## RECORDS FOR THIS EXERCISE
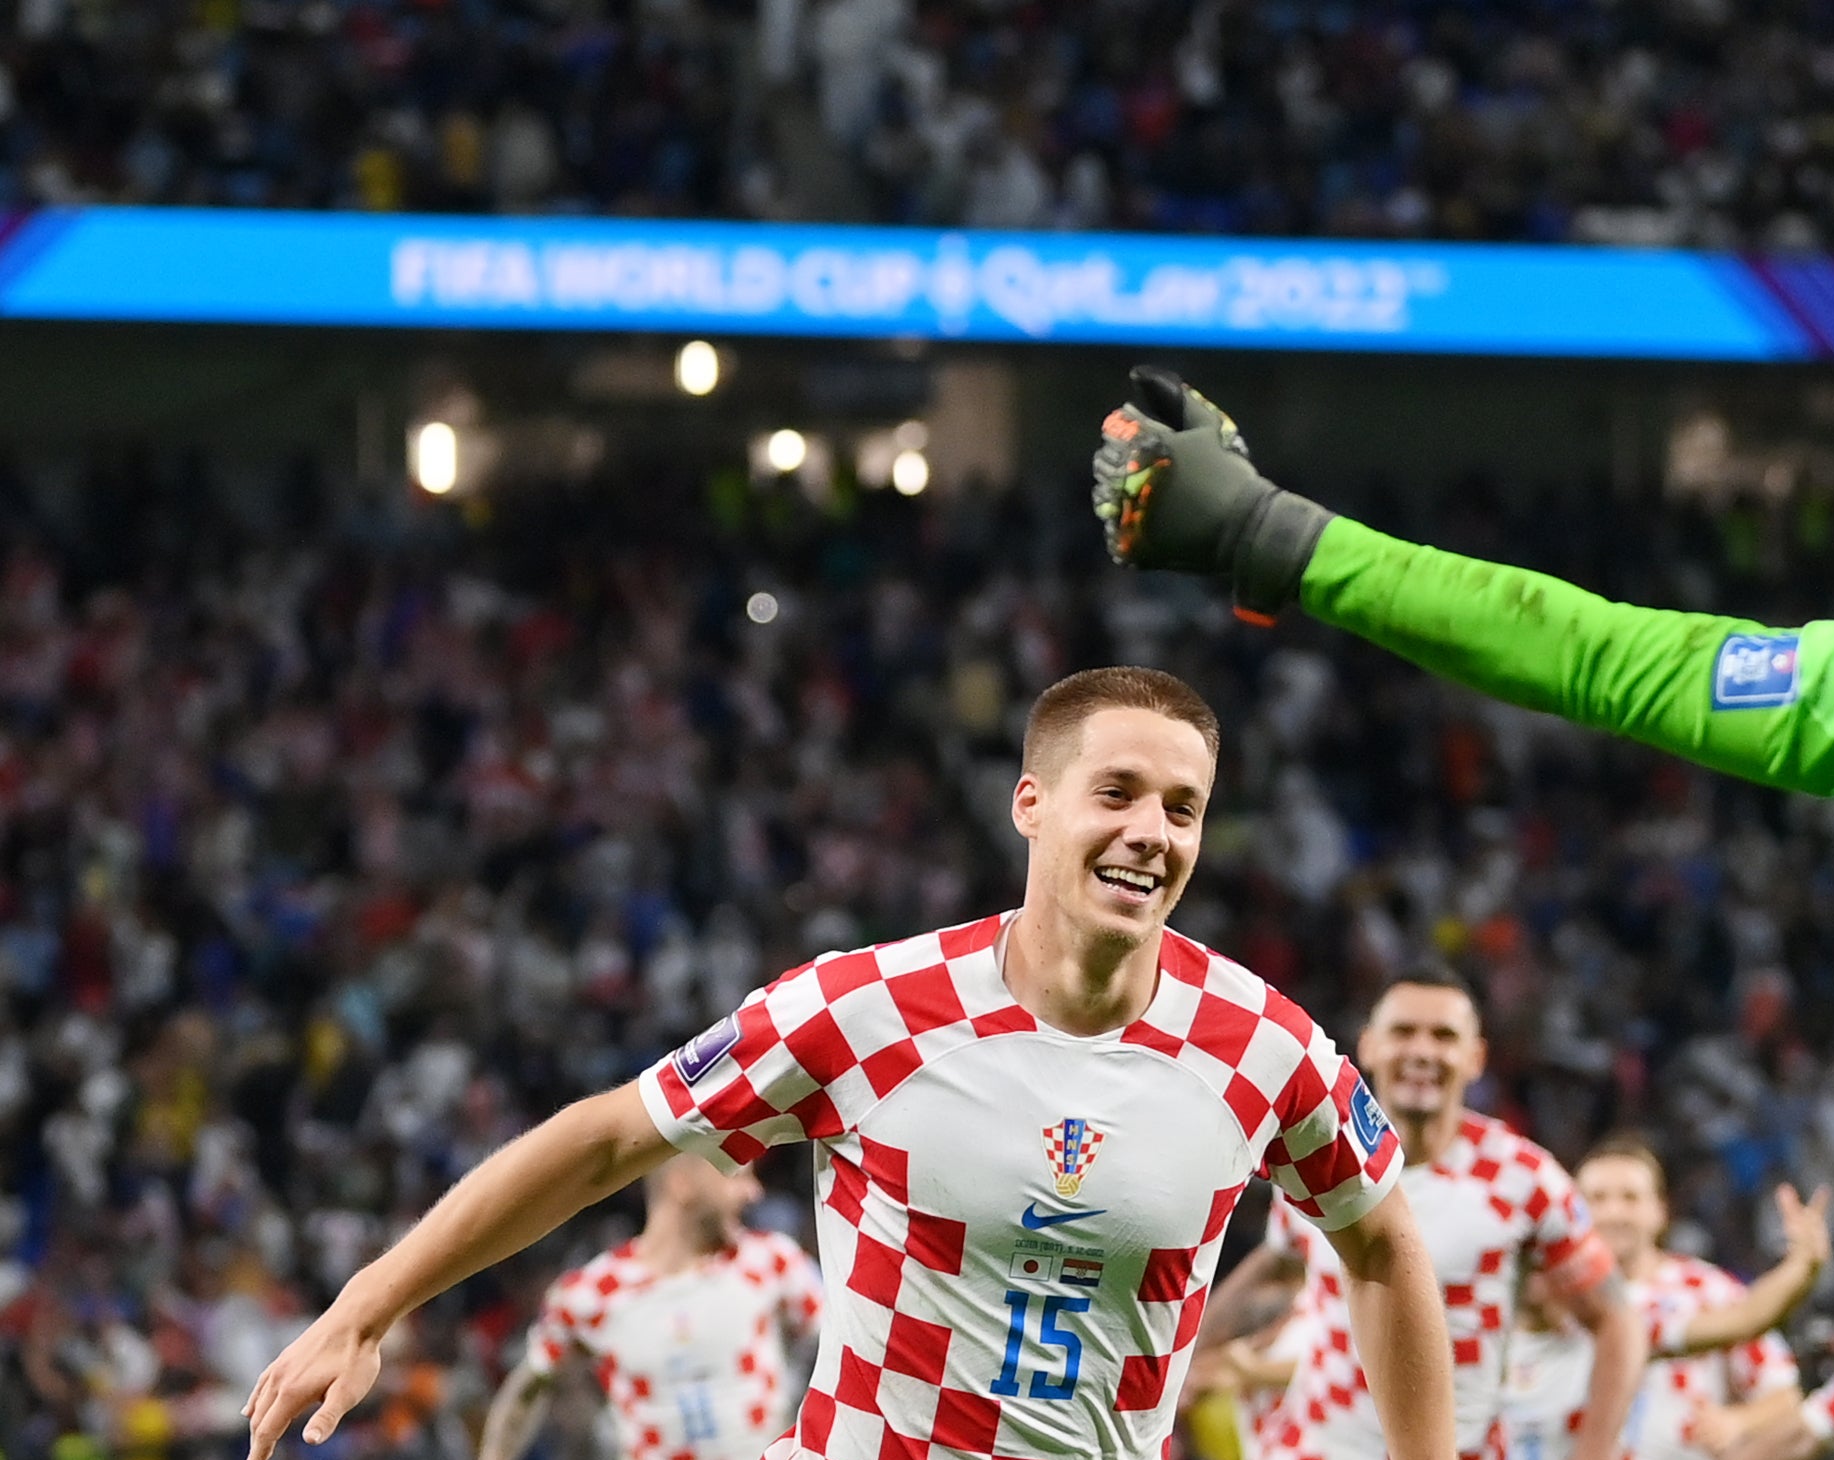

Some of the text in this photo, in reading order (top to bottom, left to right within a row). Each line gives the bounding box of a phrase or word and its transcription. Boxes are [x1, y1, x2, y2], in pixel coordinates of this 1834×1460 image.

[392, 236, 542, 308] FIFA
[546, 241, 786, 315] WORLD
[792, 247, 922, 318] CUP
[989, 1289, 1091, 1400] 15

## TRY IT
Nothing in the records should be changed in the copy, but the pictures must be left out.

## SOLUTION TO THE EXERCISE
Some of the text in this photo, in reading order (top to bottom, left to right within a row). Each line gives the bounding box of a phrase or word and its transcription. Boxes are [x1, y1, x2, y2], in pixel coordinates of this 1834×1460 image.

[392, 236, 542, 308] FIFA
[546, 241, 786, 315] WORLD
[792, 247, 922, 318] CUP
[989, 1289, 1091, 1400] 15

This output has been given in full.